Snow Flower and the Secret Fan
The film production debut of media-baron spouse Wendi Deng Murdoch (that lightning-reflexed spiker of Parliamentary foam pies), Snow Flower and the Secret Fan is entertainment fit for a trophy wife: predictable, dull and dreary.
Mrs. Murdoch No. 3 has reportedly transformed her husband’s life, influencing major business decisions (particularly those involving her native China), moving him from the staid Upper East Side of Manhattan to a modern loft in SoHo (and back), giving the then-septuagenarian two young children and even changing his physical person through diet and trainer-supervised exercise. So was it ancestral filial piety or a finely honed sense of irony that inspired her to snap up the film rights to Lisa See’s best-selling novel, which follows the suffering-filled lives of two 19th-century Chinese laotongs (lifelong sisters of the heart — that is, BFFs)?

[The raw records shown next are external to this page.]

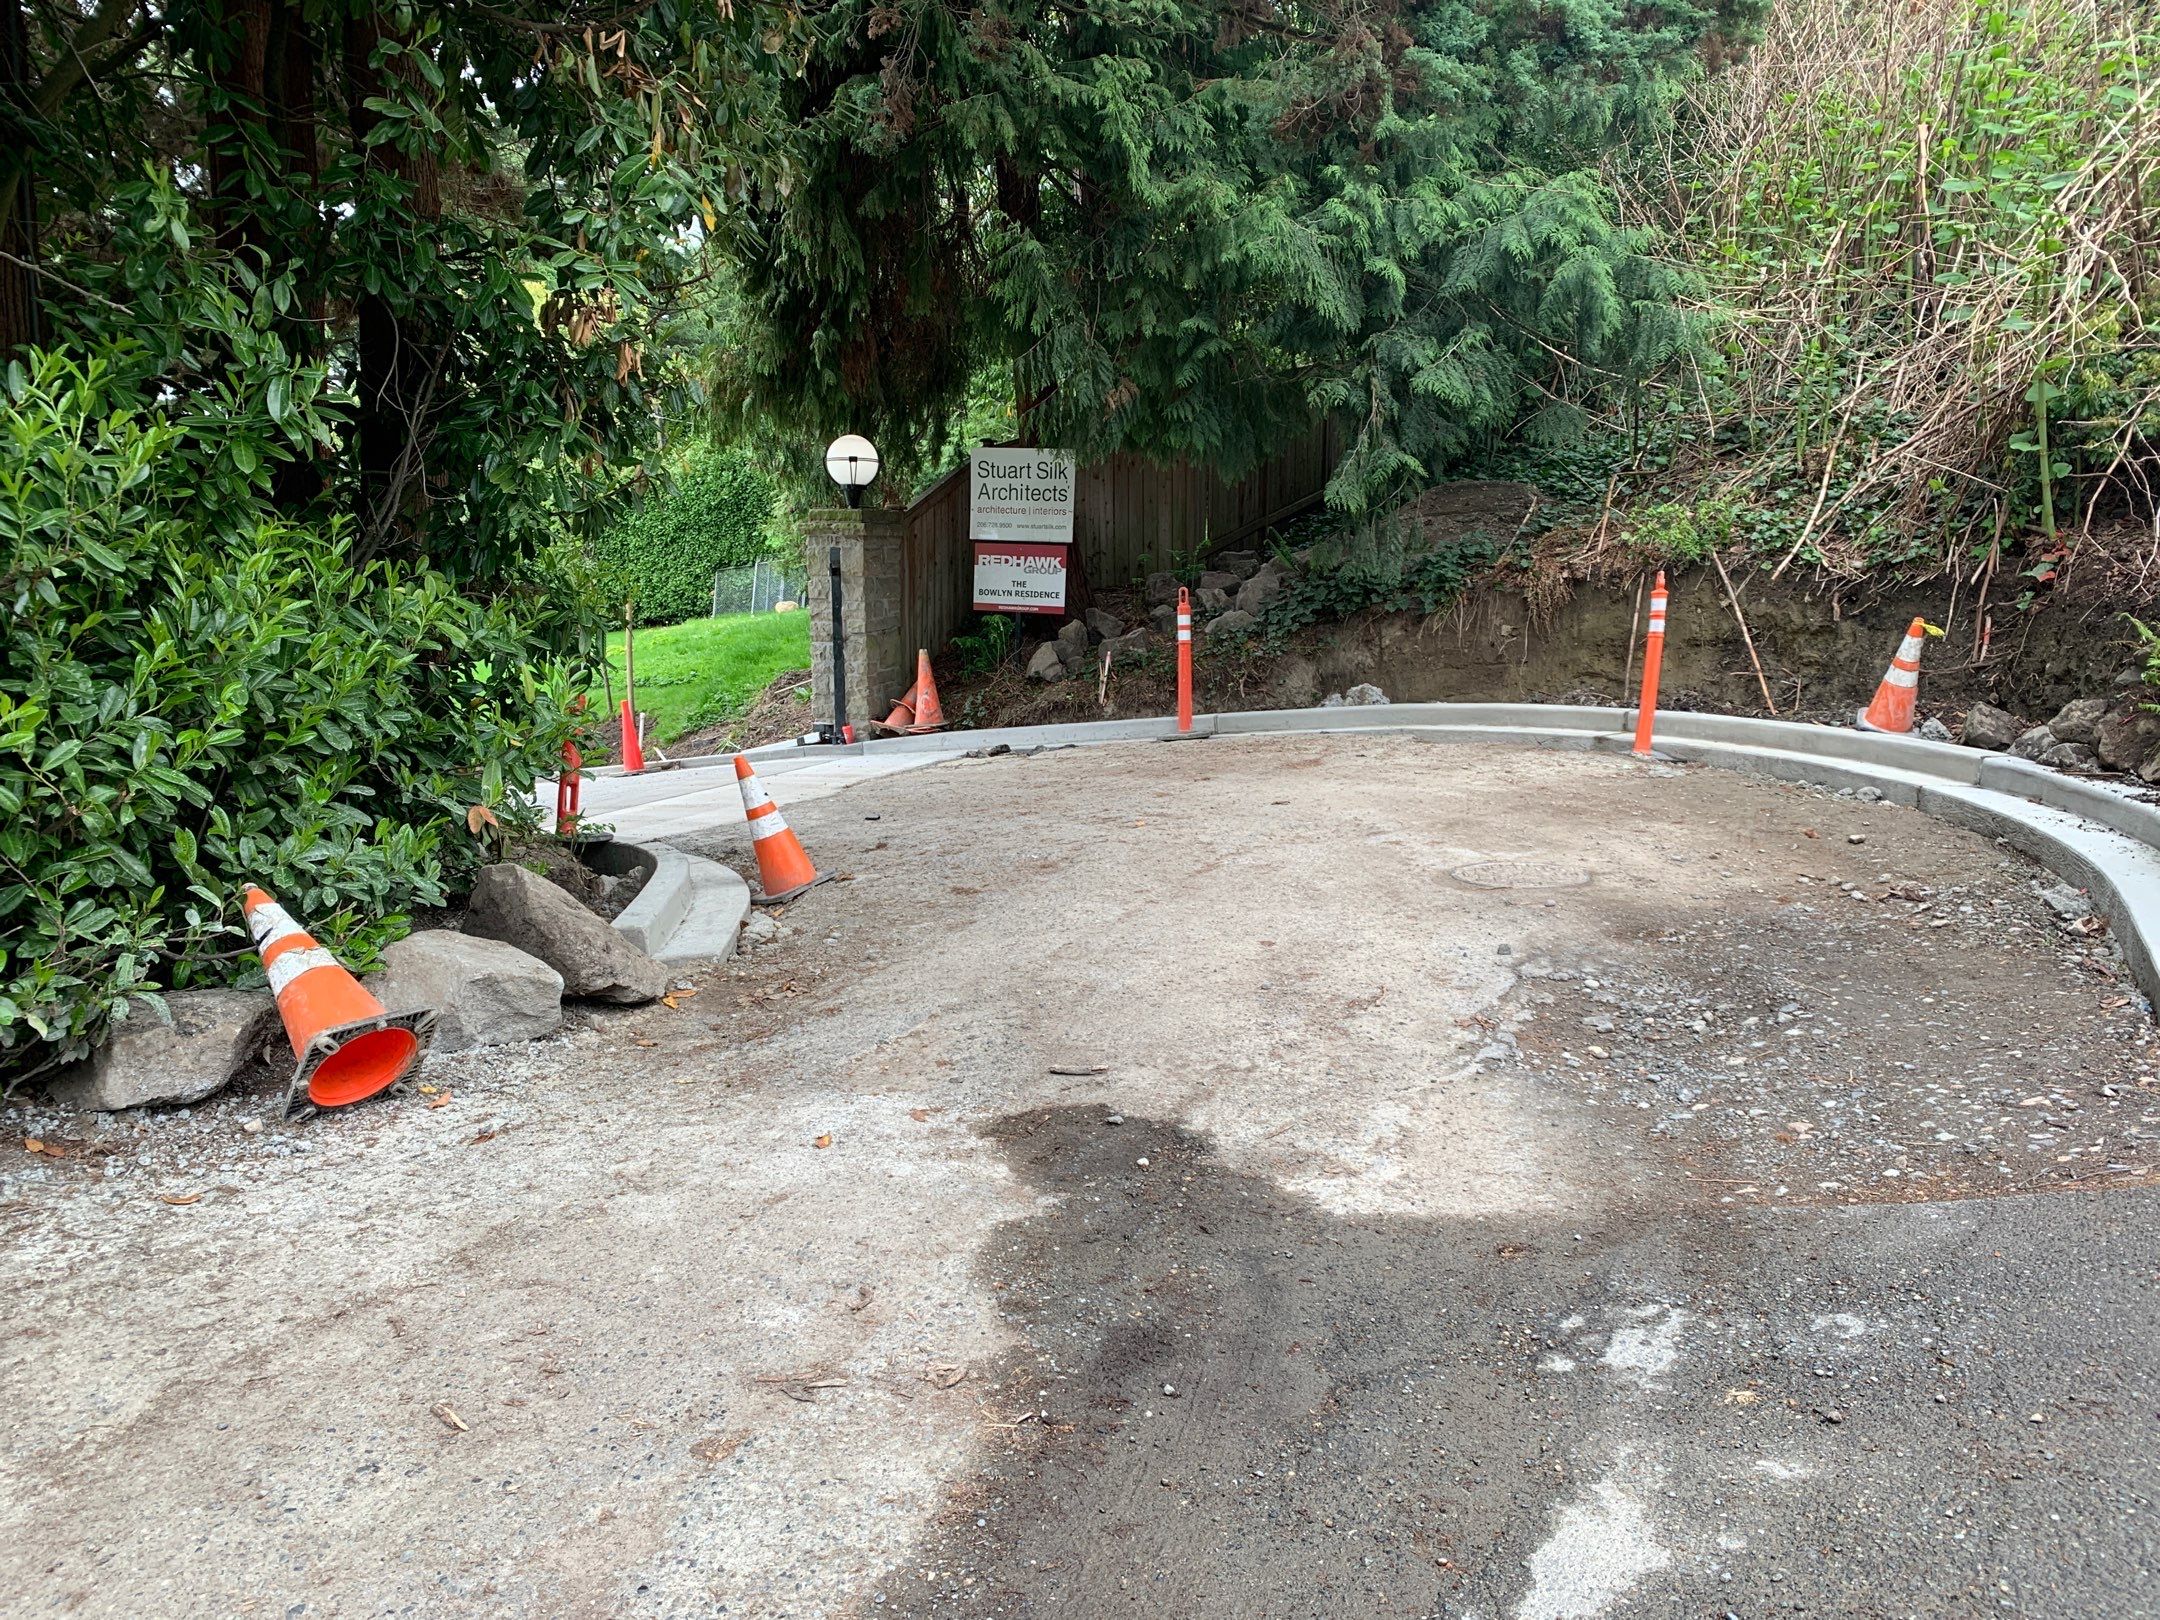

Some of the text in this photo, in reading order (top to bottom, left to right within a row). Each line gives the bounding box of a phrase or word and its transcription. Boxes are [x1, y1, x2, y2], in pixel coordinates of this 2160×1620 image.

[977, 460, 1068, 480] Stuart Silk
[977, 482, 1068, 502] Architects
[977, 505, 1027, 515] architecture
[1032, 507, 1067, 516] interiors
[978, 554, 1062, 568] REDHAWK
[1023, 567, 1062, 575] GROUP
[1011, 580, 1027, 588] THE
[978, 588, 1060, 599] BOWLYN RESIDENCE
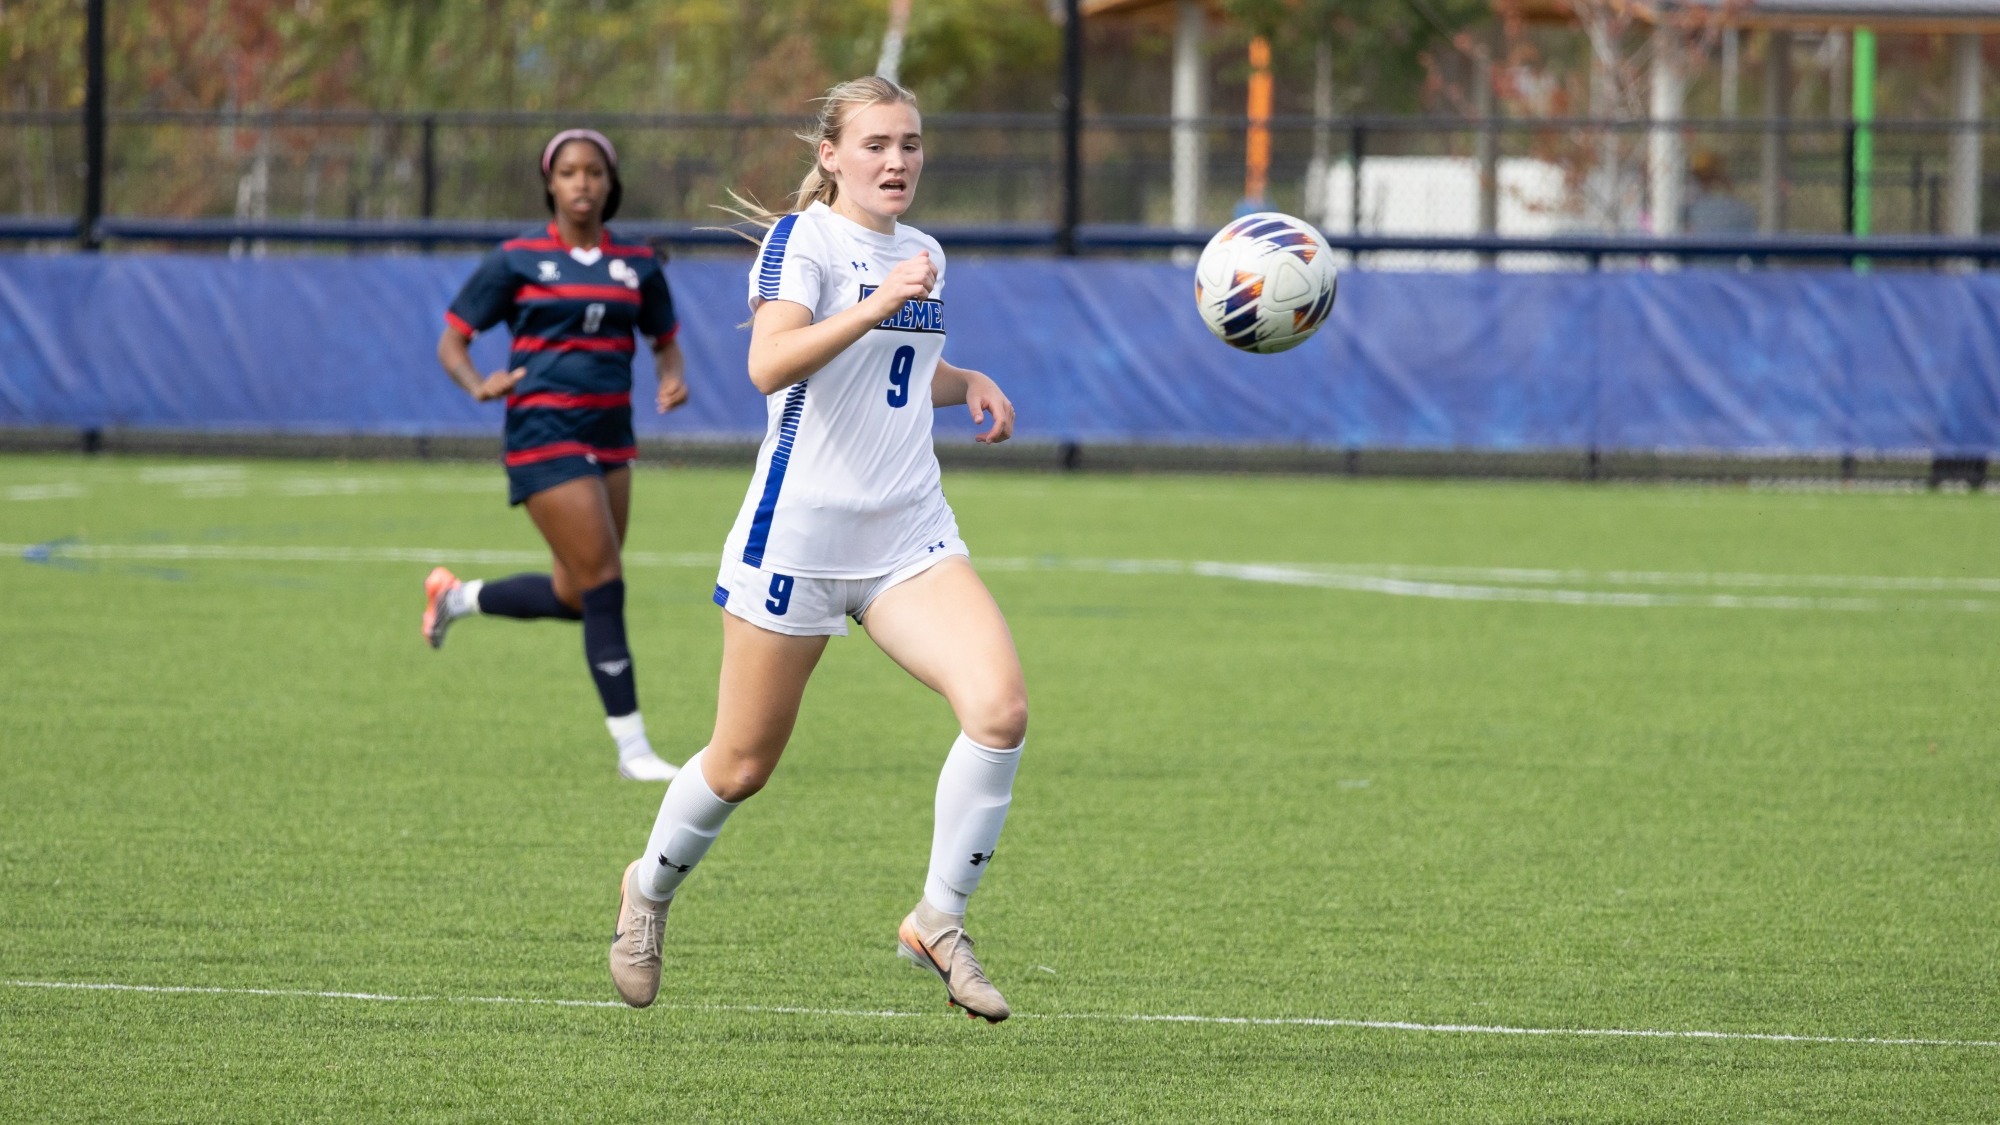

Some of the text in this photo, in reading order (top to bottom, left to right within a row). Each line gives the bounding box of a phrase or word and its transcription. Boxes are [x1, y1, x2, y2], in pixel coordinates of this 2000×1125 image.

[862, 287, 944, 331] AEME
[886, 345, 915, 408] 9
[765, 573, 794, 616] 9

In an apparent effort to give the original historical story contemporary appeal, it has been shackled with a clunky modern-day frame featuring the same two actresses, both huge stars in their respective countries: Bingbing Li (China) and Gianna Jun (Korea). The latter is particularly miscast. Jun shot to pan-Asian fame with 2001’s My Sassy Girl, the highest-grossing Korean comedy of all time, thanks to her spectacularly energetic and uninhibited charm. (The film has been remade in India, China, Japan and the United States.) Here she spends most of the contemporary story in a coma and most of the historical story as a quietly suffering, brutally beaten wife. It’s the equivalent of casting Al Pacino as a paraplegic monk who has taken a vow of silence.
Snow Flower moves its plot along mostly by suggestion, with long interludes in which characters stare deeply and intensely into each other’s eyes. It’s the sort of deep staring that fuels speculation. Is this really the story of a love that dared not write its name, even on a secret fan?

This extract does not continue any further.